» **ACTIVITY**: Your answer must consist of the records exactly as given, with no pictures included.

DATA EXTRACT START

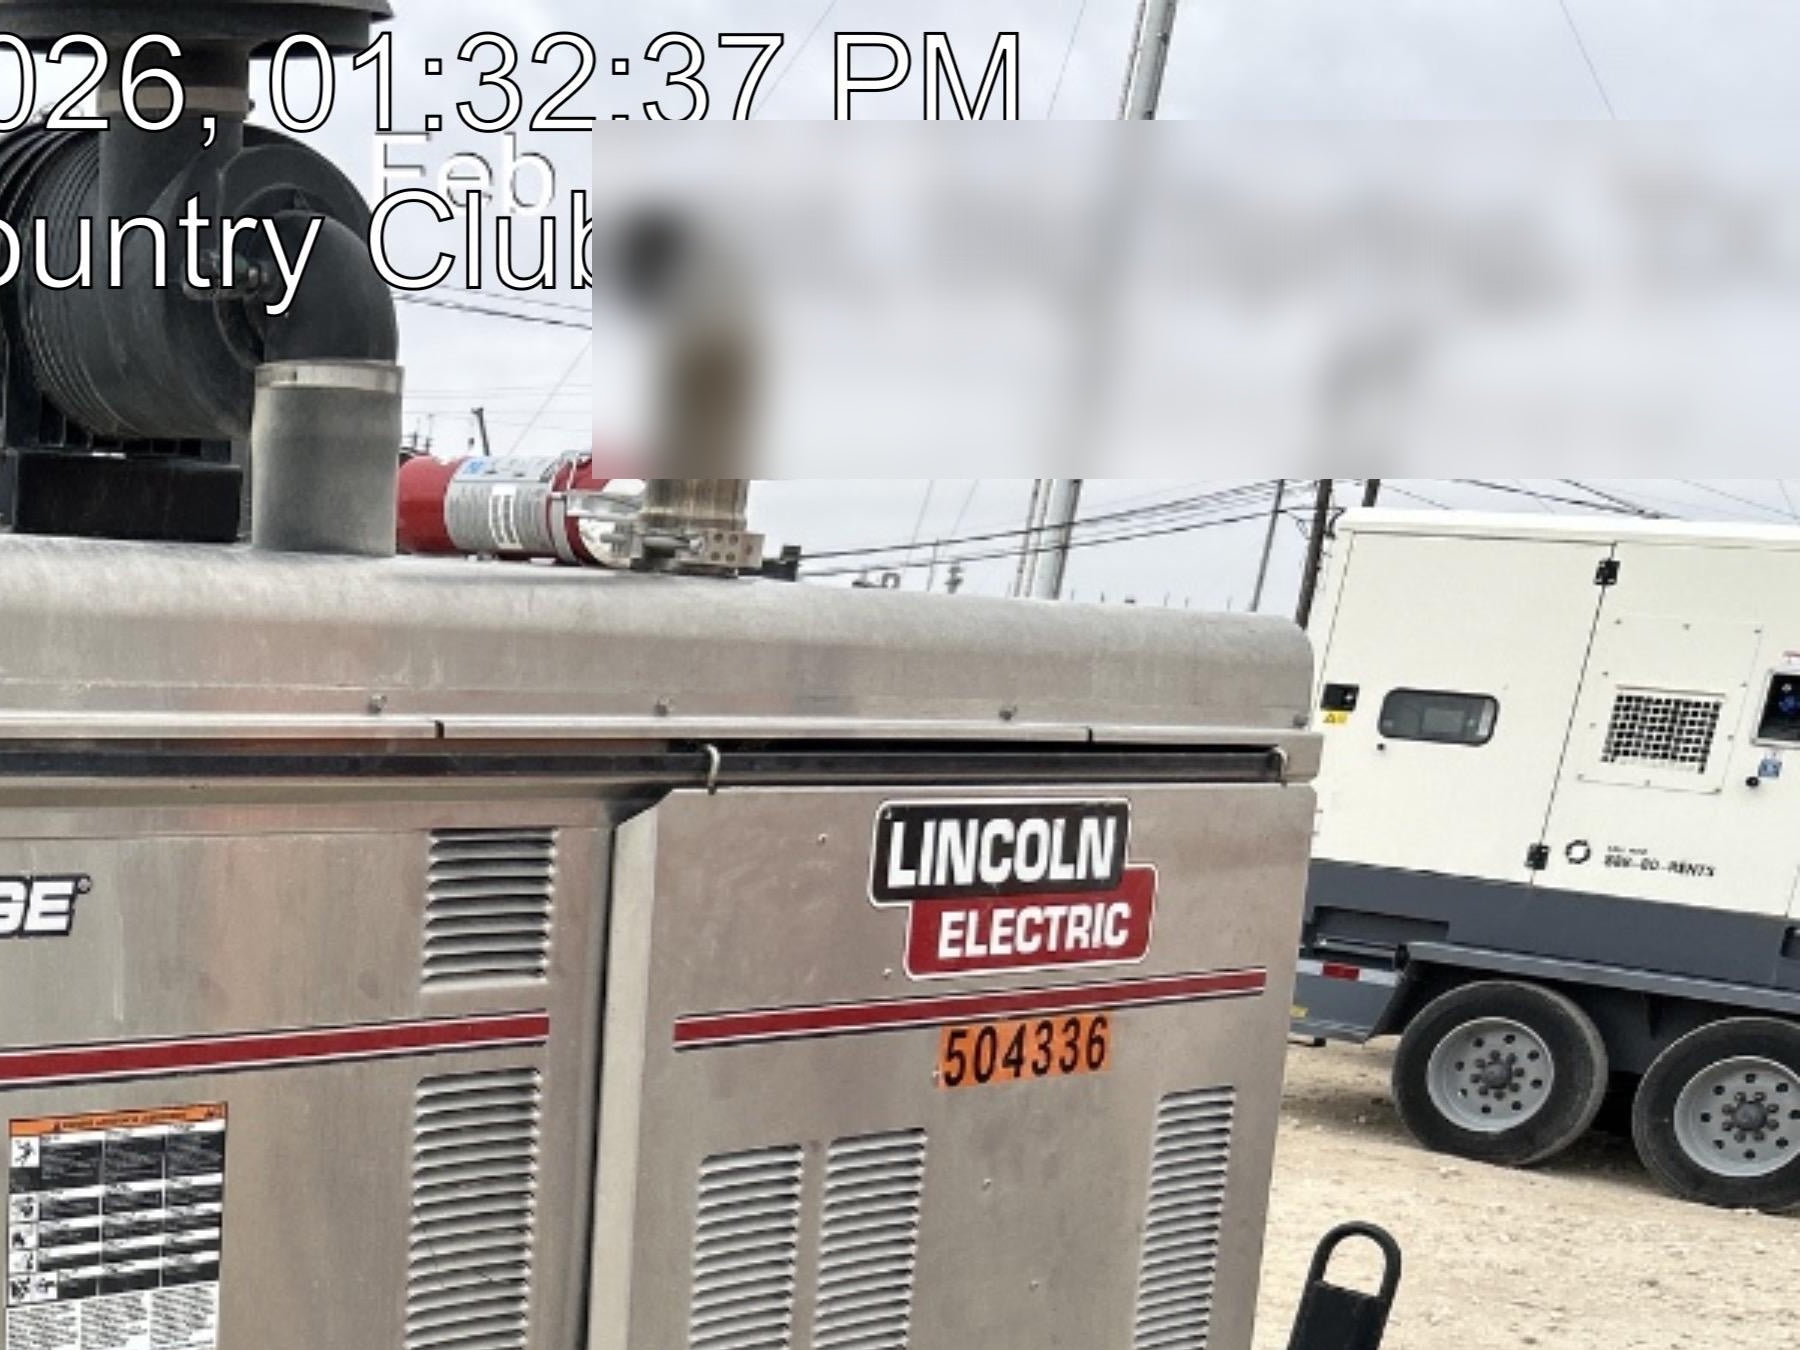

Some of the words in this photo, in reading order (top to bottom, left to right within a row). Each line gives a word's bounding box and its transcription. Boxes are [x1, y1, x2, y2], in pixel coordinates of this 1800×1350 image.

[886, 815, 1117, 889] LINCOLN
[937, 901, 1132, 960] ELECTRIC
[943, 1016, 1109, 1088] 504336
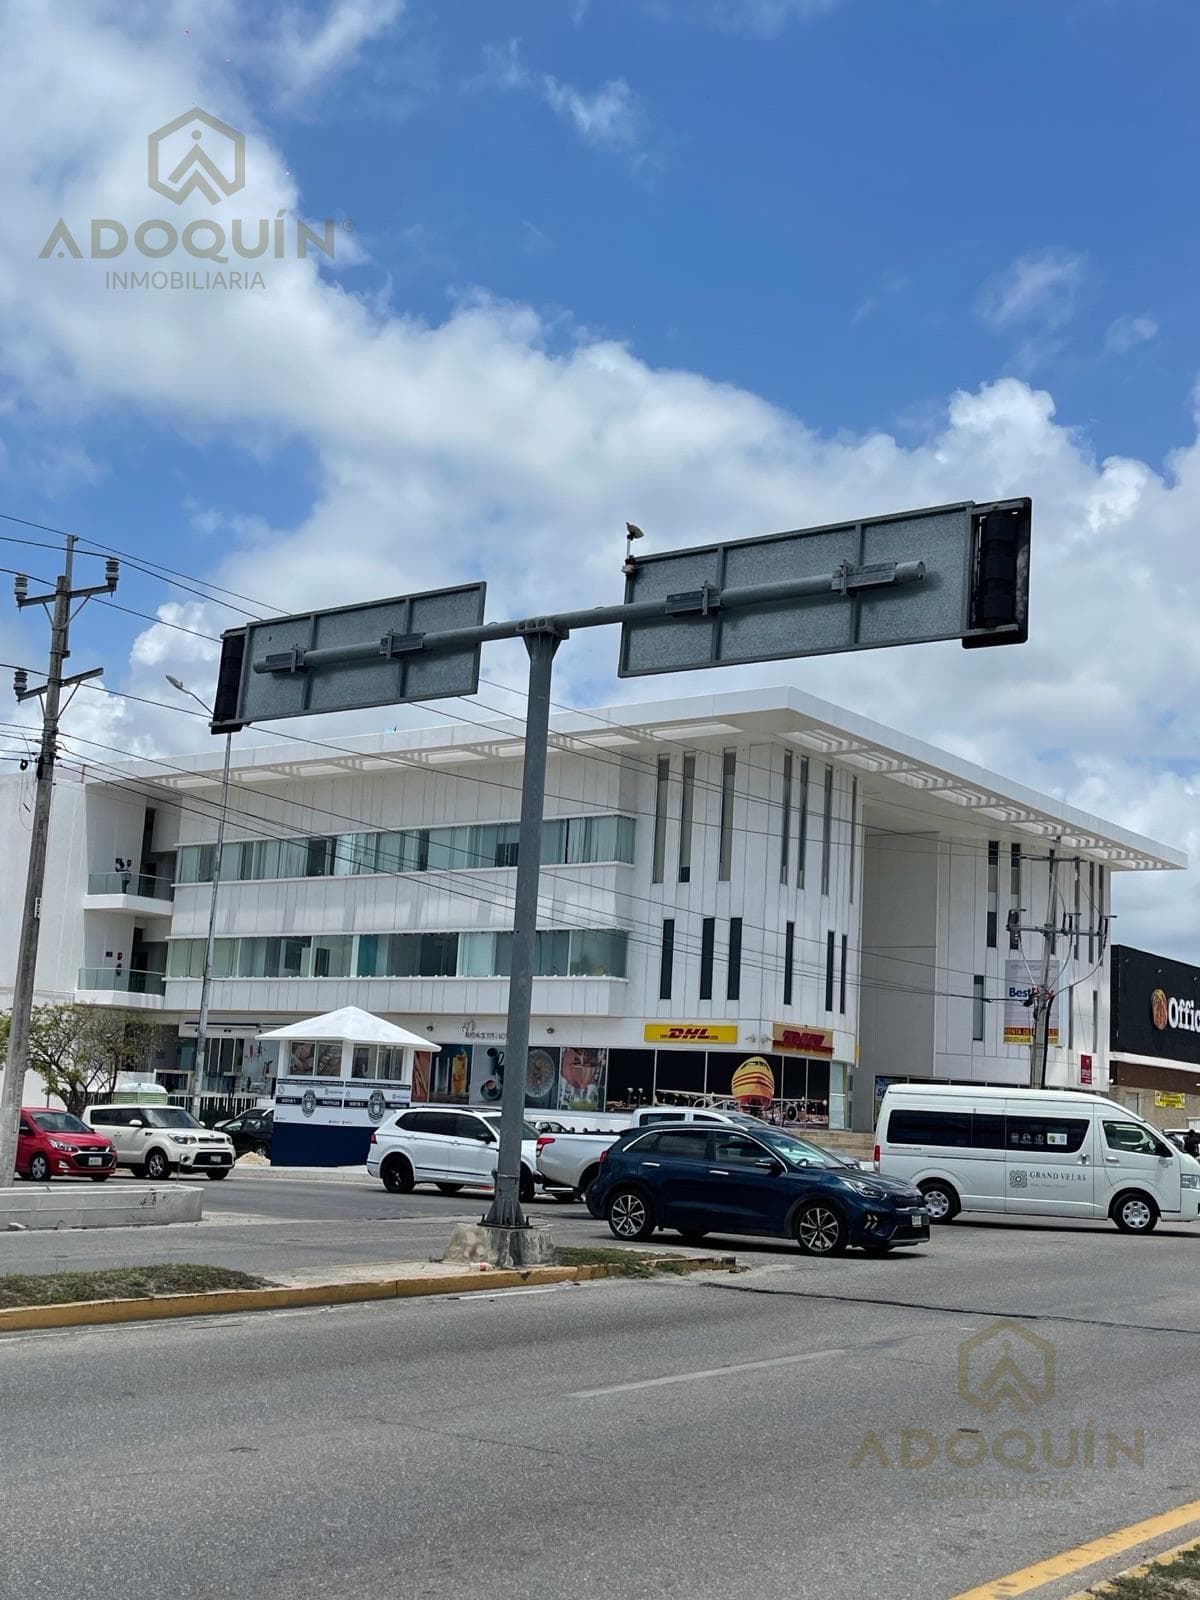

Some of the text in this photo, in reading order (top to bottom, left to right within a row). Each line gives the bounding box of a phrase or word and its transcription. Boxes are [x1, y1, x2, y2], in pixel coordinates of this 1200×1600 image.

[667, 1027, 711, 1040] DHL
[782, 1030, 826, 1050] DHL
[1029, 1170, 1059, 1180] GRAND

DATA EXTRACT END

» **RESULT FOR THIS TASK**:
Some of the words in this photo, in reading order (top to bottom, left to right within a row). Each line gives a word's bounding box and its transcription. Boxes are [x1, y1, x2, y2], in pixel coordinates of this 1800×1350 image.

[886, 815, 1117, 889] LINCOLN
[937, 901, 1132, 960] ELECTRIC
[943, 1016, 1109, 1088] 504336

Some of the text in this photo, in reading order (top to bottom, left to right within a row). Each line gives the bounding box of a phrase or word and its transcription. Boxes are [x1, y1, x2, y2], in pixel coordinates of this 1200×1600 image.

[667, 1027, 711, 1040] DHL
[782, 1030, 826, 1050] DHL
[1029, 1170, 1059, 1180] GRAND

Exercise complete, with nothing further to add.